The last two effects are not accounted for in these calculations in any of the implementations I have seen so far. What would be correct to do instead? Do not calculate the 3D covariance. Instead calculate the bounding cone around the ellipsoid which has its vertex at the camera position (perspective origin). Then intersect that with the view plane and the resulting conic section is guaranteed to be the correct contour of the perspective projection of the ellipsoid.
[0]: https://github.com/graphdeco-inria/gaussian-splatting [1]: https://github.com/antimatter15/splat/blob/3695c57e8828fedc2... [2]: https://github.com/antimatter15/splat/blob/3695c57e8828fedc2...
[0] https://repo-sam.inria.fr/fungraph/3d-gaussian-splatting/3d_...
Or viewed alternatively they're approximating the projection by assuming all of the Gaussian is at a fixed depth, which I suppose works if it is far enough away.
A projective transformation of a Gaussian seems somewhat annoying, though I assume someone will have done it before. Seems like it should be possible to do it with projective coordinates but the final projection to cartesian coordinates is tricky.

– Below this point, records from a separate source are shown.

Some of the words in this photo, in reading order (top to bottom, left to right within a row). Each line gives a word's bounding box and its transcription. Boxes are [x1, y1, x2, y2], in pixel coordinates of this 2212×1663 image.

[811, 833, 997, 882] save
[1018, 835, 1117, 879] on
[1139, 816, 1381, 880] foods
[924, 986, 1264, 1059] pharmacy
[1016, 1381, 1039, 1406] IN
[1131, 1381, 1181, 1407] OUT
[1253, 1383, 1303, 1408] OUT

For what it's worth, projecting a contour is also wrong, the whole density changes which also affects the contours.
Basically its a semidense point cloud [1], but instead of a point, there is a blob which has been coloured, angled and scaled to match the input picture. This means they are optimised to be viewed from a certain distance.

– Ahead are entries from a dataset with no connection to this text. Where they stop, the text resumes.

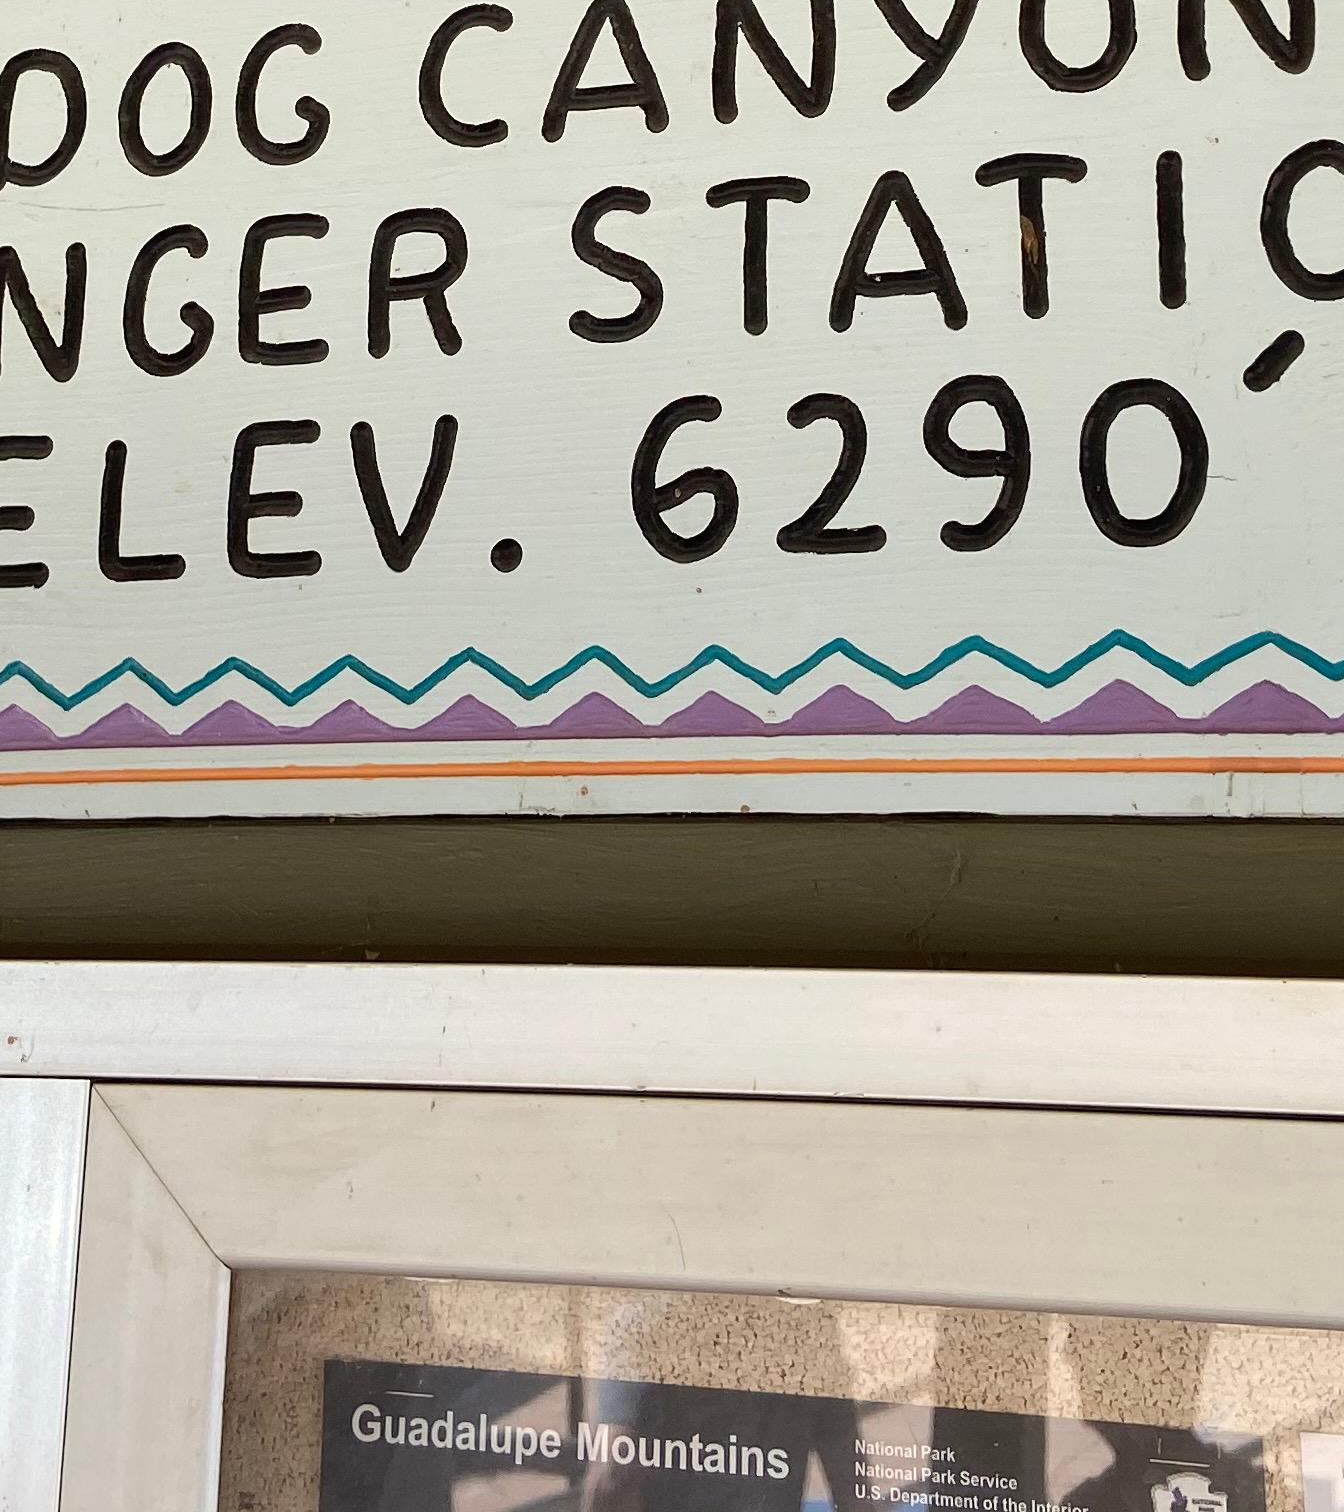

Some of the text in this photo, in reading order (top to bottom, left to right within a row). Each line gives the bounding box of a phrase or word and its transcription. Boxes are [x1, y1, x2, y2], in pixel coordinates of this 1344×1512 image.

[351, 1403, 791, 1480] Guadalupe Mountains
[855, 1439, 956, 1463] National Park
[855, 1461, 1018, 1490] National Park Service
[855, 1484, 886, 1502] U.S.
[890, 1487, 979, 1510] Department
[983, 1496, 999, 1511] of
[1002, 1497, 1027, 1512] the

Think of it like a 3d vector drawing, if you zoom in too much, or pull one part away, it all starts to look a bit funky.
[1]https://www.researchgate.net/publication/326621750/figure/fi...
The industry seems to be trying to move away from this with things like PBR (physical based rendering) and ray / path tracing which enables far better dynamic lighting.

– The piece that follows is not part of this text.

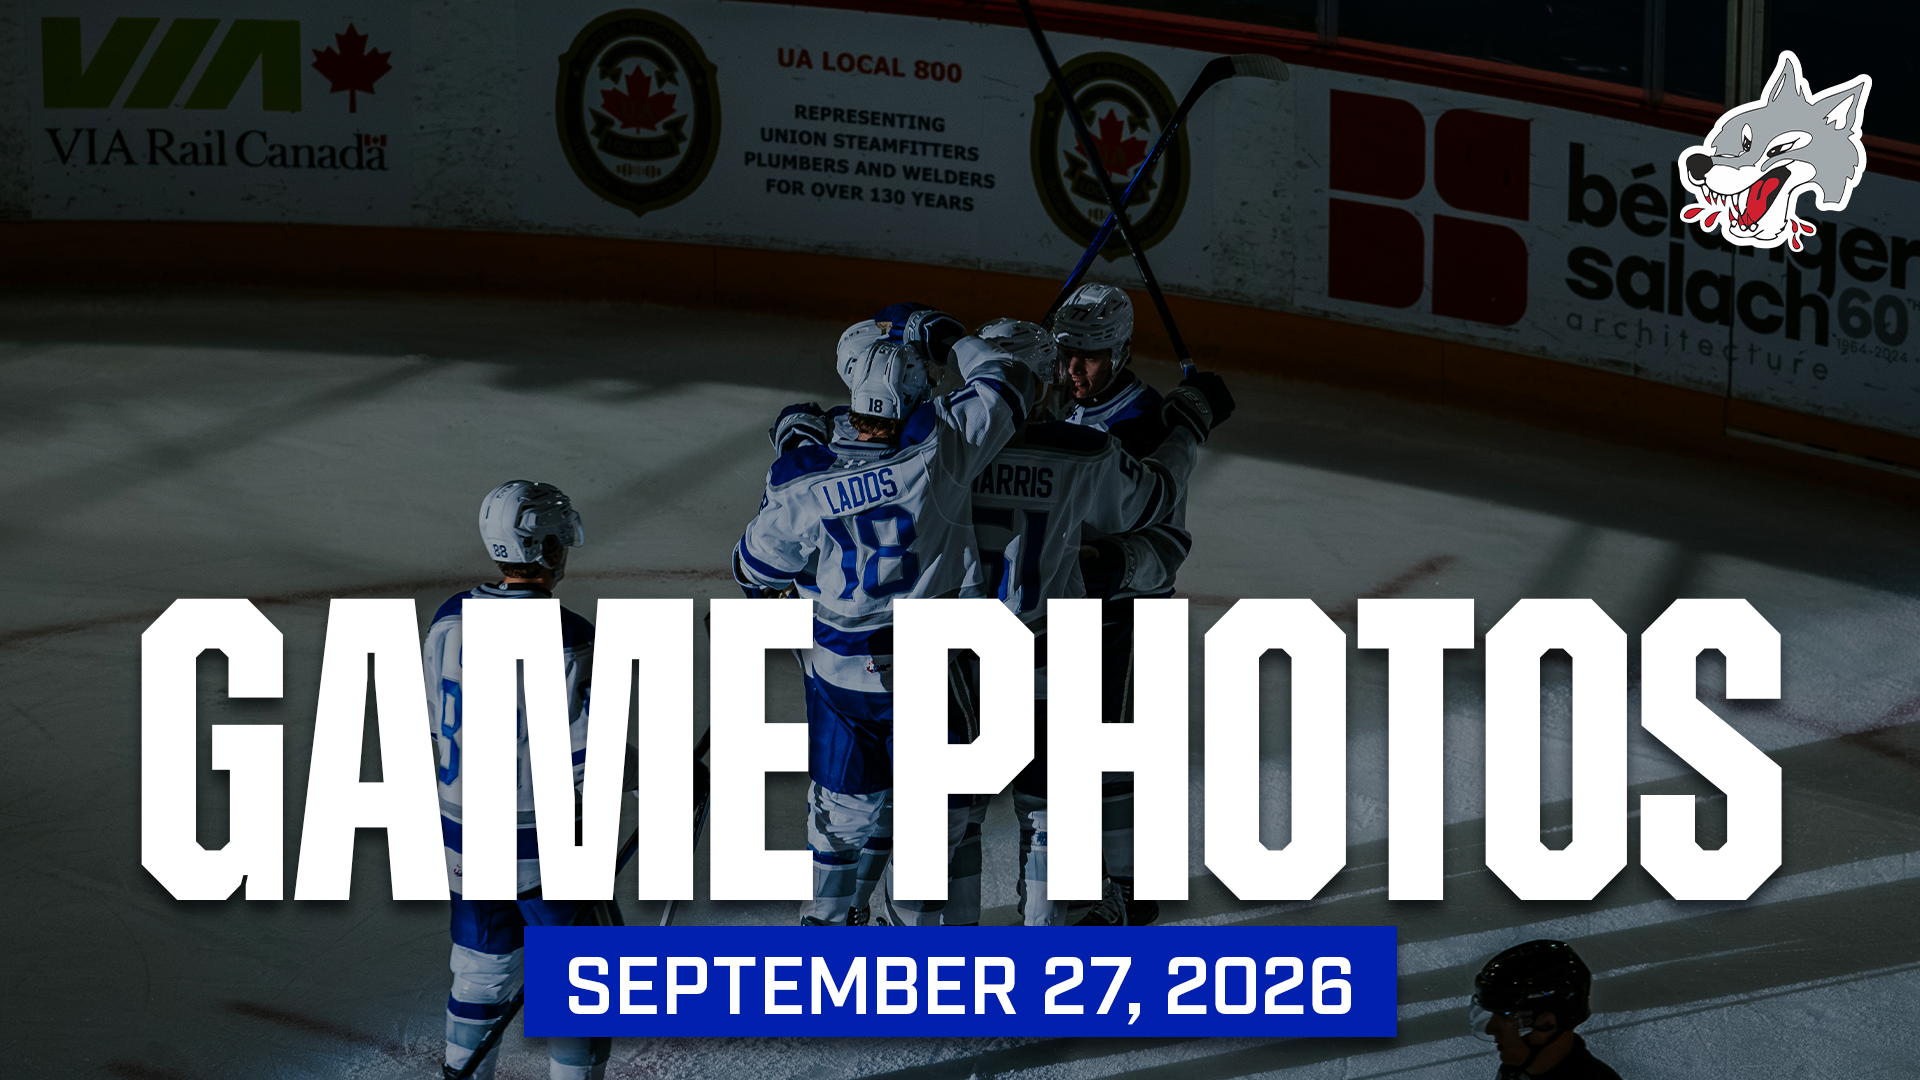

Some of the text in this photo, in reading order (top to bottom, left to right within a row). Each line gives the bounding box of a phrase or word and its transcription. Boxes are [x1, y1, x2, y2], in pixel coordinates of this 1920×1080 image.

Also, they are extremely space inefficient at the moment. A scene that would take a good traditional rendering engine a few dozen GB would take TB instead. Though, that might improve in the future with more optimization.
One exception to the above, where gaussian splatting might be interesting to see is procedural / generated content (possibly even animated). Especially for volumetric effects which currently use particle systems, like smoke, fire, clouds, flowing water, etc.
Its been around for ages, but It was never used because if you have a million points in a point cloud, you'd need to artistically manipulate a million points.
Its like 3d hair, its pretty simple, just render a billion hairs, but in practice its hard to make it look good.
Here we tell a machine learning model to adjust the angle, colour, shape and size of a million primitives (ie a square, circle, triangle etc.) so that it looks like a the photos we provide.
See the reflections here: https://www.youtube.com/watch?v=mD0oBE9LJTQ
This is also pretty good, but more subtle: https://www.youtube.com/watch?v=tJTbEoxxj0U
Lots of artefacts though, especially if I move the camera.
If you make it work within ThreeJS, you're going to leave a trace in the history of 3D on the web with that stuff!
late 90s bedroom me is shaking his head.